WHAT THE EXERCISE ASKS: The entries shown below should be output exactly as they appear.

TASK MATERIAL:
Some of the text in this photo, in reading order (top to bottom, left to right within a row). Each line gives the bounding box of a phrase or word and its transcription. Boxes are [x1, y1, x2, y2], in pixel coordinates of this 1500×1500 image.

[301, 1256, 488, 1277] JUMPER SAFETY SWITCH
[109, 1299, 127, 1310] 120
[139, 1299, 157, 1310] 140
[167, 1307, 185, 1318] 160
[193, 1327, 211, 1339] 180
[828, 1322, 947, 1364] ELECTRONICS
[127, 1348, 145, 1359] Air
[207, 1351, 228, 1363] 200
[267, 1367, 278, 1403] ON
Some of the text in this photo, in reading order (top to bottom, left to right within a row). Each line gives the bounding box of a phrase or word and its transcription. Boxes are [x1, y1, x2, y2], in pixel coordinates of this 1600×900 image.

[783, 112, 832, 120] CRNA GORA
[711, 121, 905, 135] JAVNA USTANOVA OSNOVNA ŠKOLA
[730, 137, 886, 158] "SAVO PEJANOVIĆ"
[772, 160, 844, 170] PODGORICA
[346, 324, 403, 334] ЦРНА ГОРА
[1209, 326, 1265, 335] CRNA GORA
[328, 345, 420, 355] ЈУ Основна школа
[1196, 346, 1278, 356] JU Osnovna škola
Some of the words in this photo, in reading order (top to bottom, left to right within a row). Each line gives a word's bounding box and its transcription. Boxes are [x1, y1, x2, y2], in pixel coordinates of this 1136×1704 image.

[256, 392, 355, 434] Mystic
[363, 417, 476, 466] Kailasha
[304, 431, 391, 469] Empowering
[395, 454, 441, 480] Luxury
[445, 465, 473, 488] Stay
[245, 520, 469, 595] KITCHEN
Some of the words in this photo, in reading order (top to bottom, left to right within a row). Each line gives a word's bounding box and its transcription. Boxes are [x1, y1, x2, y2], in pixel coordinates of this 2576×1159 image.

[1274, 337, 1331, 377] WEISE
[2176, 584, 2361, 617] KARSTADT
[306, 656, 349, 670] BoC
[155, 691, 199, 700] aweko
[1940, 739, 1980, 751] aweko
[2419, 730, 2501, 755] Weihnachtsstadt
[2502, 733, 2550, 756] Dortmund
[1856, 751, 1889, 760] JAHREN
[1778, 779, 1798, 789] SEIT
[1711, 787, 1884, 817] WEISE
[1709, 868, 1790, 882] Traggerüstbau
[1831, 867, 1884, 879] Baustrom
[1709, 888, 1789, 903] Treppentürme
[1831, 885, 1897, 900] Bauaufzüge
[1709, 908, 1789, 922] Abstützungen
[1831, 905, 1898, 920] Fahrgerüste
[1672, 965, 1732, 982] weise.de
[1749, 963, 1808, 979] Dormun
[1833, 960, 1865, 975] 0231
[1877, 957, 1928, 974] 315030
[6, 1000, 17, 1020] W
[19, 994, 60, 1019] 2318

SOLVED PROBLEM:
Some of the text in this photo, in reading order (top to bottom, left to right within a row). Each line gives the bounding box of a phrase or word and its transcription. Boxes are [x1, y1, x2, y2], in pixel coordinates of this 1500×1500 image.

[301, 1256, 488, 1277] JUMPER SAFETY SWITCH
[109, 1299, 127, 1310] 120
[139, 1299, 157, 1310] 140
[167, 1307, 185, 1318] 160
[193, 1327, 211, 1339] 180
[828, 1322, 947, 1364] ELECTRONICS
[127, 1348, 145, 1359] Air
[207, 1351, 228, 1363] 200
[267, 1367, 278, 1403] ON
Some of the text in this photo, in reading order (top to bottom, left to right within a row). Each line gives the bounding box of a phrase or word and its transcription. Boxes are [x1, y1, x2, y2], in pixel coordinates of this 1600×900 image.

[783, 112, 832, 120] CRNA GORA
[711, 121, 905, 135] JAVNA USTANOVA OSNOVNA ŠKOLA
[730, 137, 886, 158] "SAVO PEJANOVIĆ"
[772, 160, 844, 170] PODGORICA
[346, 324, 403, 334] ЦРНА ГОРА
[1209, 326, 1265, 335] CRNA GORA
[328, 345, 420, 355] ЈУ Основна школа
[1196, 346, 1278, 356] JU Osnovna škola
Some of the words in this photo, in reading order (top to bottom, left to right within a row). Each line gives a word's bounding box and its transcription. Boxes are [x1, y1, x2, y2], in pixel coordinates of this 1136×1704 image.

[256, 392, 355, 434] Mystic
[363, 417, 476, 466] Kailasha
[304, 431, 391, 469] Empowering
[395, 454, 441, 480] Luxury
[445, 465, 473, 488] Stay
[245, 520, 469, 595] KITCHEN
Some of the words in this photo, in reading order (top to bottom, left to right within a row). Each line gives a word's bounding box and its transcription. Boxes are [x1, y1, x2, y2], in pixel coordinates of this 2576×1159 image.

[1274, 337, 1331, 377] WEISE
[2176, 584, 2361, 617] KARSTADT
[306, 656, 349, 670] BoC
[155, 691, 199, 700] aweko
[1940, 739, 1980, 751] aweko
[2419, 730, 2501, 755] Weihnachtsstadt
[2502, 733, 2550, 756] Dortmund
[1856, 751, 1889, 760] JAHREN
[1778, 779, 1798, 789] SEIT
[1711, 787, 1884, 817] WEISE
[1709, 868, 1790, 882] Traggerüstbau
[1831, 867, 1884, 879] Baustrom
[1709, 888, 1789, 903] Treppentürme
[1831, 885, 1897, 900] Bauaufzüge
[1709, 908, 1789, 922] Abstützungen
[1831, 905, 1898, 920] Fahrgerüste
[1672, 965, 1732, 982] weise.de
[1749, 963, 1808, 979] Dormun
[1833, 960, 1865, 975] 0231
[1877, 957, 1928, 974] 315030
[6, 1000, 17, 1020] W
[19, 994, 60, 1019] 2318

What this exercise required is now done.